What you are asked to do => Copy out the data in full and exactly, passing over the pictures.

Source data =>
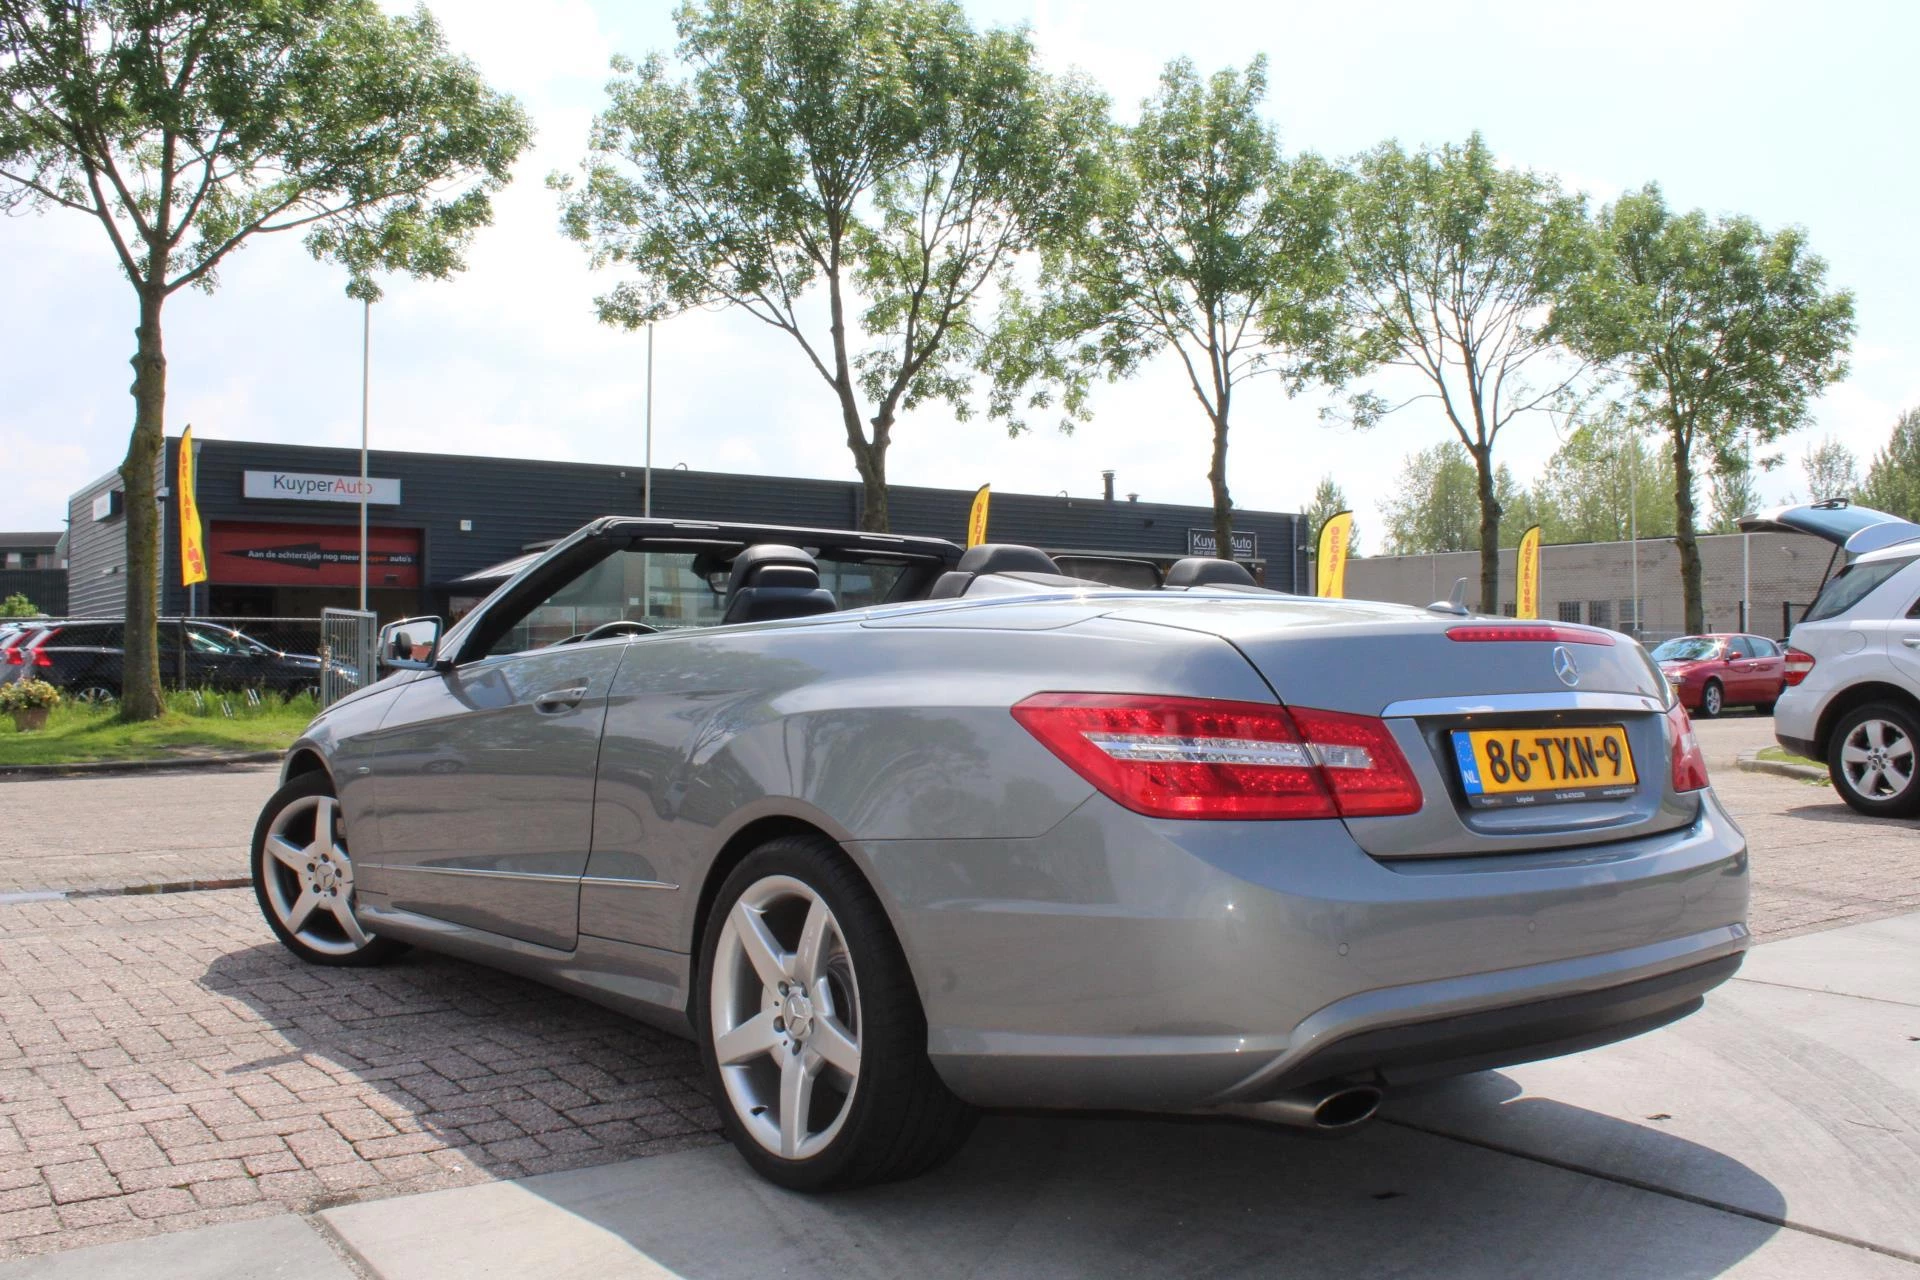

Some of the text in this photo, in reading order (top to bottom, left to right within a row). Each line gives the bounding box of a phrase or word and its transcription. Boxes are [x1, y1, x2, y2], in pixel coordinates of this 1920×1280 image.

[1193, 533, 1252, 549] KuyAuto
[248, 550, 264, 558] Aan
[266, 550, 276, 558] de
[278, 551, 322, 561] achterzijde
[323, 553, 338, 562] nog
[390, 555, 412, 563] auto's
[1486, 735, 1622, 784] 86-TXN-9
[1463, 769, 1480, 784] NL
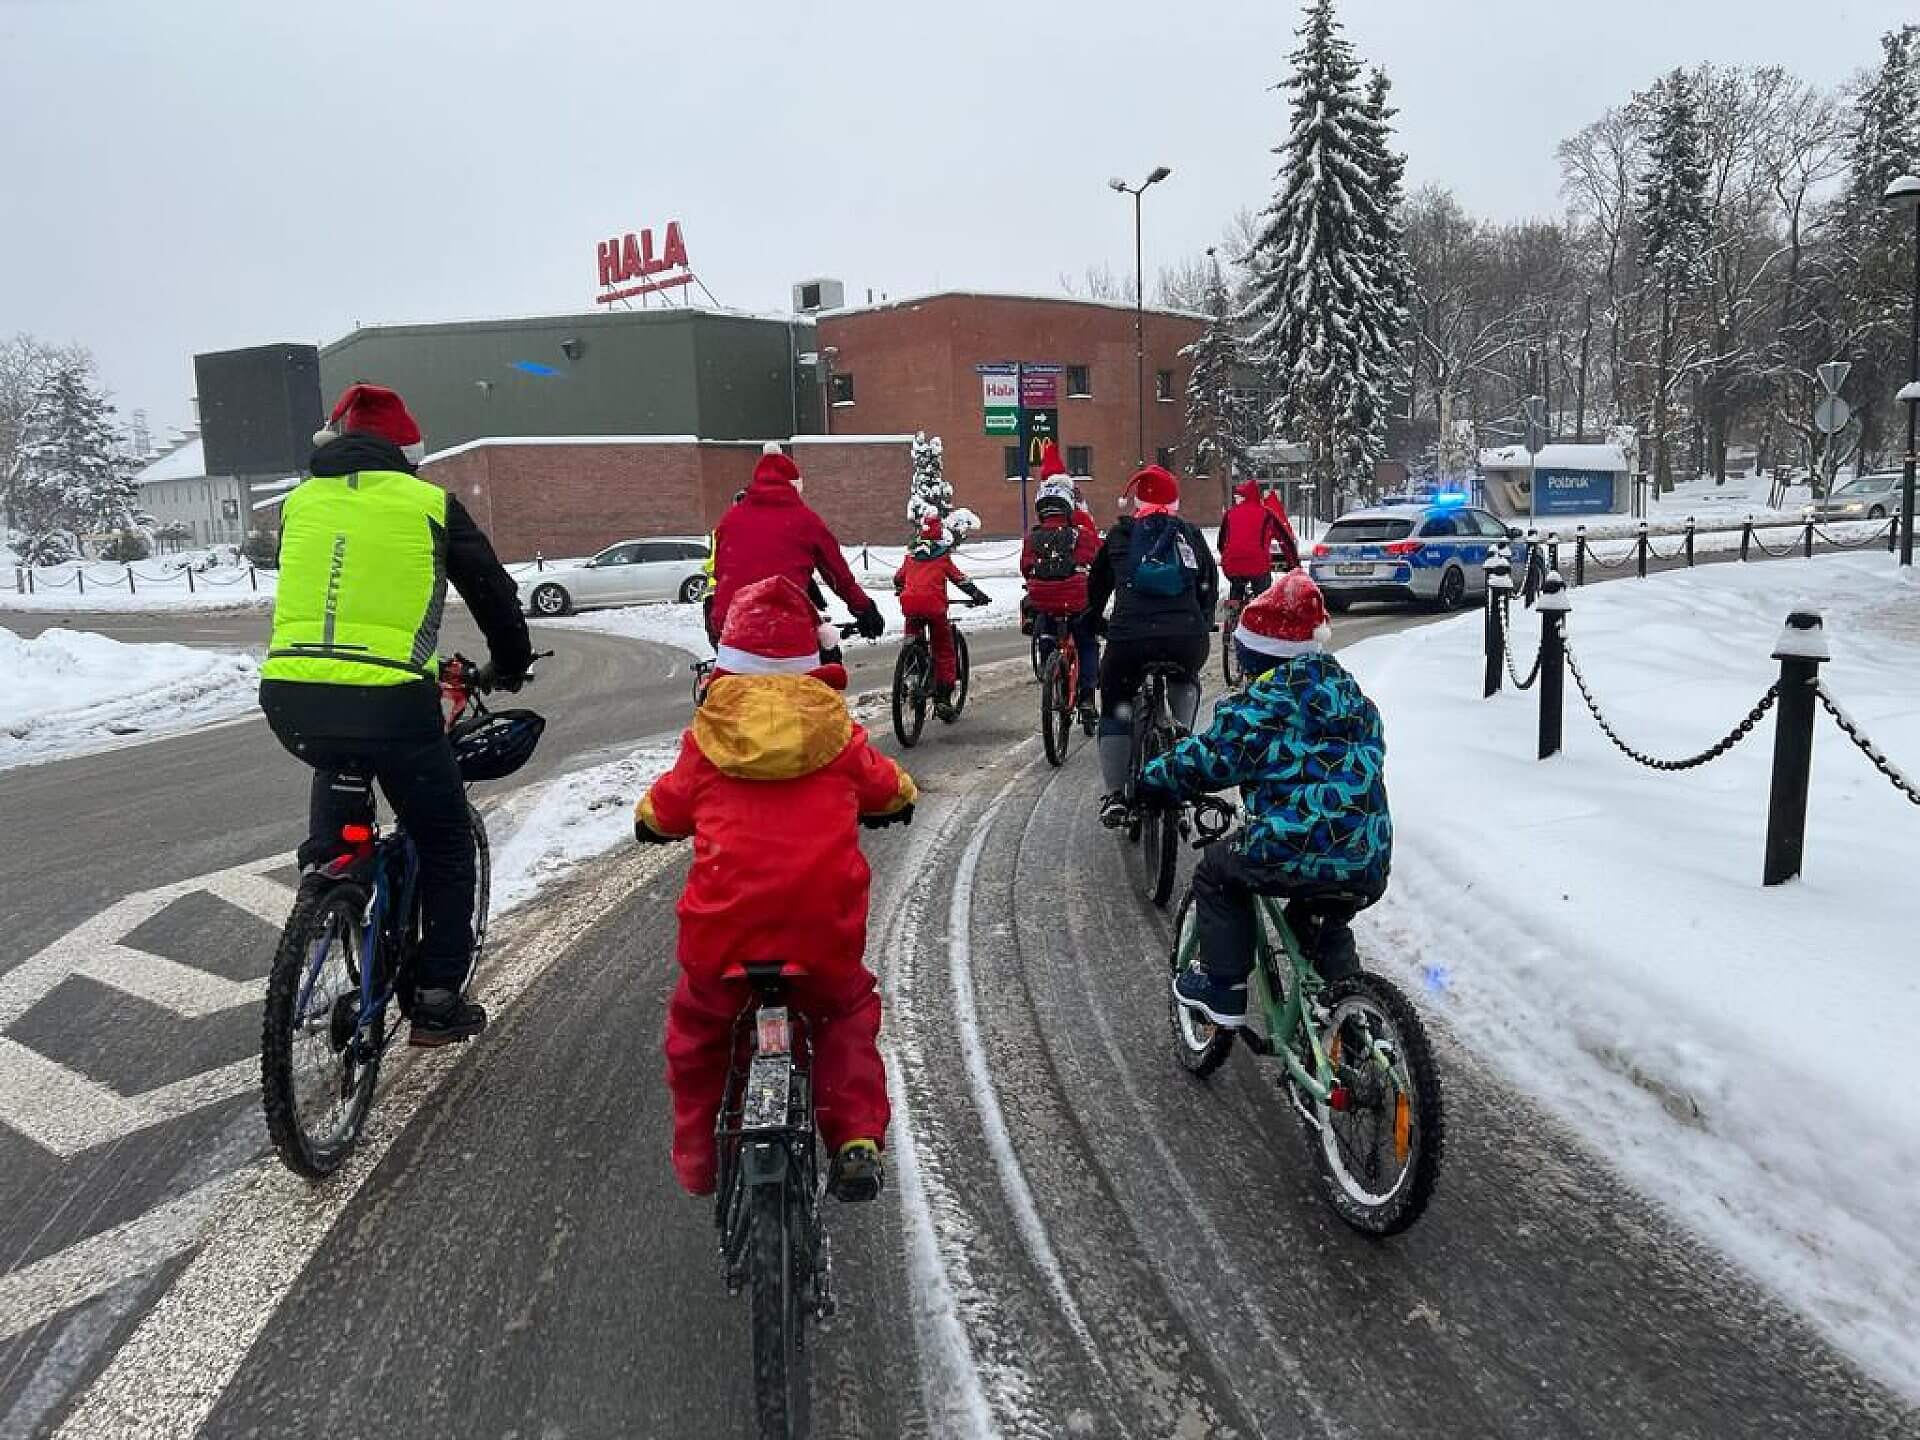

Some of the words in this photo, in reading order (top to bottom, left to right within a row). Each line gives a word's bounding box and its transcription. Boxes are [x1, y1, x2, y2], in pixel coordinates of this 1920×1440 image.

Reply to the exercise =>
Some of the text in this photo, in reading order (top to bottom, left to right within a row). Each line gives the bounding box of a phrase or word and its transcription. Boxes are [x1, y1, x2, y2], in pixel coordinates of this 1920×1280 image.

[1193, 533, 1252, 549] KuyAuto
[248, 550, 264, 558] Aan
[266, 550, 276, 558] de
[278, 551, 322, 561] achterzijde
[323, 553, 338, 562] nog
[390, 555, 412, 563] auto's
[1486, 735, 1622, 784] 86-TXN-9
[1463, 769, 1480, 784] NL

Some of the words in this photo, in reading order (top to bottom, left to right within a row). Each line gives a word's bounding box and its transcription. Boxes are [x1, y1, x2, y2], in pixel coordinates of this 1920×1440 image.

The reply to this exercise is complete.